Les rescapés forment de petites communautés. On espère. On attend quoi ? Un avion qui arrive, la garde nationale qui viendrait les réchapper, un bateau qui viendrait d’ailleurs apportant de bonnes nouvelles. En vain.
Dans la vie d’avant l’hécatombe, deux endroits étaient reconnus pour leurs longues attentes : les hôpitaux et les aéroports. Pendant une pandémie de ce genre, on évite les hôpitaux, mais l’aéroport de Severn City accueillera quelques centaines de voyageurs qui s’y établiront.
Le temps passe, la civilisation d’avant est encore bien présente dans la mémoire de ceux qui l’ont vécue. Il faut penser à ceux qui sont nés après, qui doivent savoir d’où ils viennent pour mieux comprendre ce qui s’est passé. Un survivant crée un musée où il dépose quelques artefacts d’un monde qui lui semble si loin. Cellulaires, iPad, revues, grille-pains ou souliers à talons aiguille, tous ces objets ne sont que des souvenirs d’un autre temps. Preuve que la culture est encore vivante, une troupe de théâtre en tournée perpétuelle, apporte divertissement et espoir à ces petites communautés dispersées autour des Grands Lacs.
Le récit se déroule à différentes époques : avant la pandémie, deux semaines après et aussi, quelques vingt ans après ces terribles moments.
L’auteure joue avec les personnages et les époques, fait des allers retours et nous tricote un récit passionnant, par les découvertes que l’on fait. Elle sait parfaitement où elle veut amener ses personnages. Le lecteur est un peu décontenancé par cette construction et cette structure, mais quel plaisir de s’abandonner dans les méandres du récit, quel bonheur de se laisser transporter par le talent de St. John Mandel et par la complexité de ses personnages. Personnages que l’on découvre petit à petit, couche après couche, dans un amalgame d’époques habile et captivant.
J’y ai vécu des scènes intenses, des moments de réflexion fiévreux et j’en suis ressorti un peu secoué, mais non sans avoir bénéficié d’une bonne dose d’espoir. En ce monde et aux humains qui l’habitent.

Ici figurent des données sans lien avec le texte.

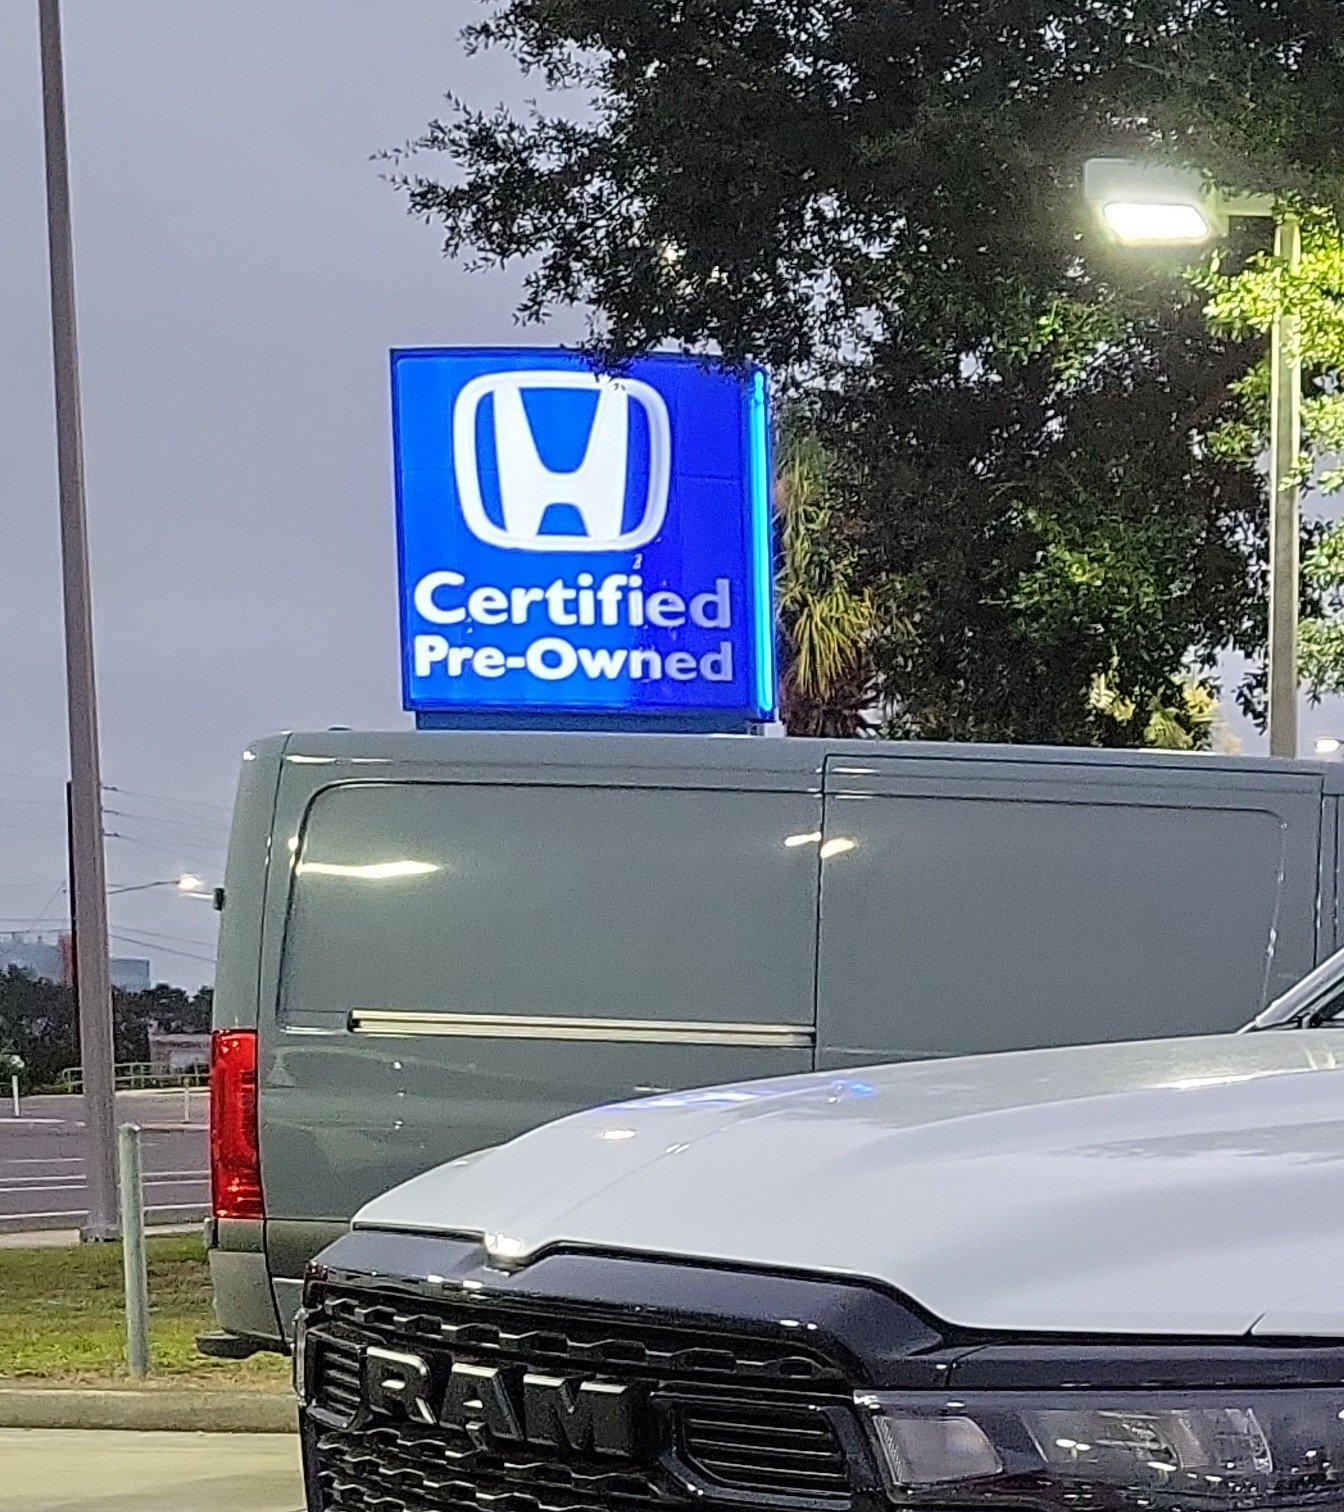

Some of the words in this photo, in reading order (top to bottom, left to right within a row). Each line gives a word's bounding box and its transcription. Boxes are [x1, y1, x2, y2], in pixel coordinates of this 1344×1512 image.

L’aéroport de Severn City, malgré les drames qui ont marqué son histoire, demeure toujours un symbole de départ vers un ailleurs. La devise inscrite sur les caravanes de la troupe de la Symphonie Itinérante est aussi un message d’espoir : « Parce que survivre ne suffit pas. »
Emily St. John Mandel a écrit un superbe roman qui ne vous laissera pas indifférent. La barre sera haute et les attentes élevées pour la sortie de son cinquième roman. Mais en attendant, je me laisserai probablement tenter par « Les Variations Sebastian » son 3e roman.

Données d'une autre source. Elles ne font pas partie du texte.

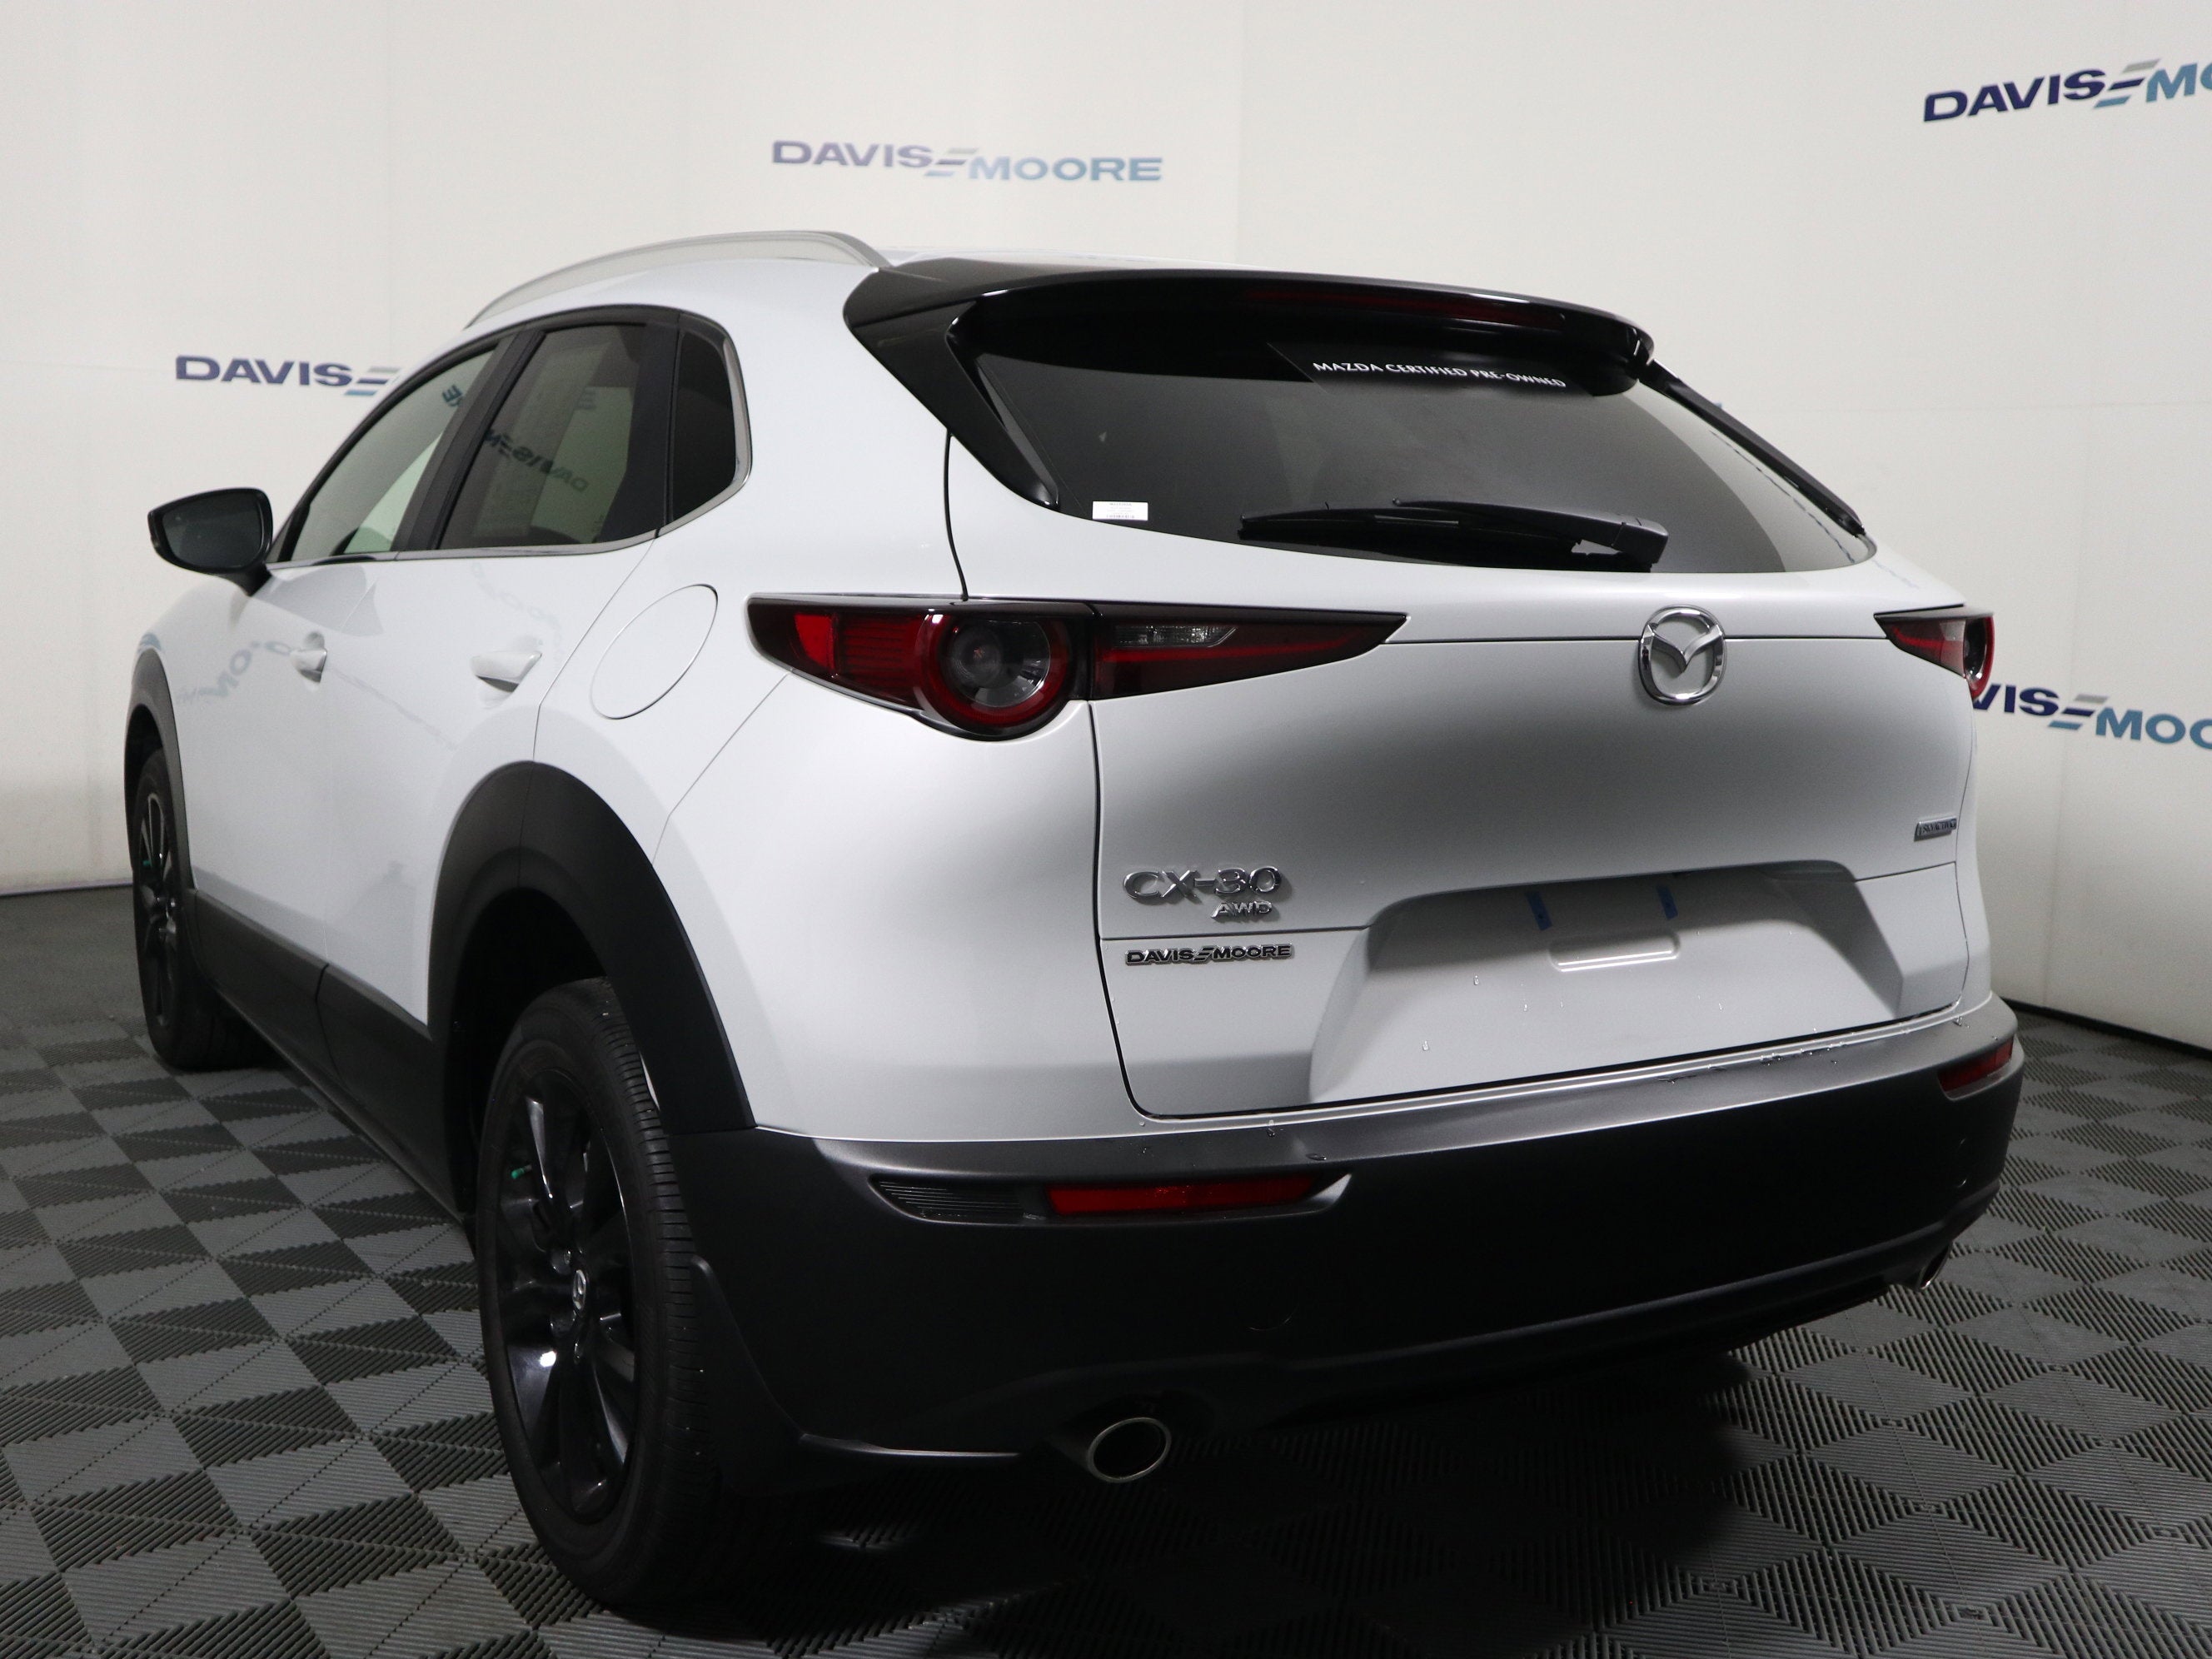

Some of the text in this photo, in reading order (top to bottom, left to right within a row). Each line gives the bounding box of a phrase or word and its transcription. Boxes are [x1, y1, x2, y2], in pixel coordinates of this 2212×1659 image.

Vous ne connaissez pas cette auteure canadienne-anglaise ? Amateurs de polars et de romans noirs, n’attendez pas la fin d’un monde pour découvrir l’Apocalypse selon Emily St. John Mandel.
Bonne lecture !
Quelques extraits pour …la route !
« Dans les moments où d’autres ne pouvaient que regarder, impuissants, il voulait être celui qui intervient. »
« Ils passent leur vie à attendre que leur vie commence. »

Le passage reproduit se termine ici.